The animal rights organization People for the Ethical Treatment of Animals today filed a lawsuit against Oregon Health and Science University over the release of video recordings of monkey experiments.

PETA argues that because the experiments are taxpayer-funded—made possible by publicly-funded National Institutes of Health grants—the tapes should be made available via Oregon's open-records law.

The lawsuit, filed today in Multnomah County Circuit Court, specifically seeks "the production of public records relating to maternal nutrition experiments conducted on mother-infant or mother-juvenile pairs of monkeys, and experiments relating to self-injurious behavior."

More specifically: experiments where researchers allegedly fed mother monkeys experimental diets, separated them from offspring and "deliberately frightening the young monkeys."

OHSU spokesperson Tamara Hargens-Bradley tells WW: "OHSU has just received and is reviewing the court filing. We have no comment at this time."

In a statement, PETA spokesperson Tasgola Bruner says the medical university told the group that the requested videos are "proprietary and unpublished research information."

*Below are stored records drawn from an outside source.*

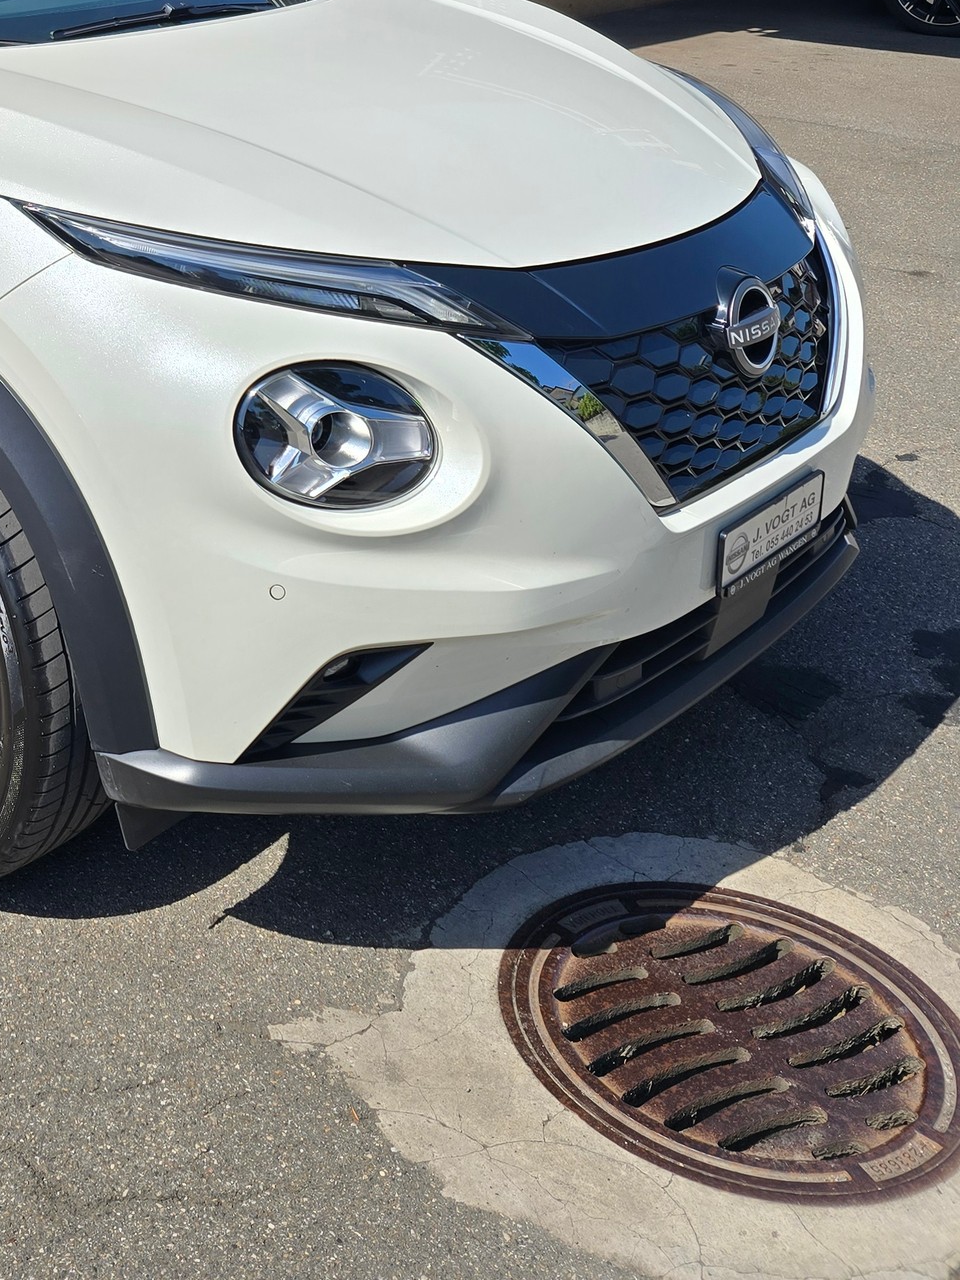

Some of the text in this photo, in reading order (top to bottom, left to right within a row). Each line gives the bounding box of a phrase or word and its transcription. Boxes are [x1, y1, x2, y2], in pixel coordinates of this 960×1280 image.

[751, 511, 814, 562] Tel. 055 440 24 53
[752, 492, 815, 544] J. VOGT AG
[727, 541, 749, 562] NISSAN
[766, 555, 778, 570] AG
[778, 536, 807, 561] WANGEN

"But experimenters have already published several papers based on these federally funded experiments," Bruner says, "which have no realistic chance of resulting in anything of commercial value."

PETA's senior vice president, Kathy Guillermo, adds in a statement, "OHSU officials are trying to hide video footage of experimenters terrorizing infant monkeys, possibly because they fear that it would jeopardize their cash flow."

OHSU's National Primate Research Center (ONPRC), located in Hillsboro, currently houses around 5,000 primates.

Since 2017, OHSU has received Animal Welfare Act 12 violations—"including six 'critical' violations," PETA's statement claims, "more than any other university in the U.S. during this same time period."

On its website, the National Primate Research Center says that its goal is to "help people across generations live longer, healthier lives through scientific breakthroughs." It says that the psychological health of the animals is overseen by a special behavioral unit (BSU).

"Together with the husbandry, clinical, and scientific staff, and using the most current knowledge from the field of primate behavior," the website reads, "the BSU ensures the behavioral health of the monkeys."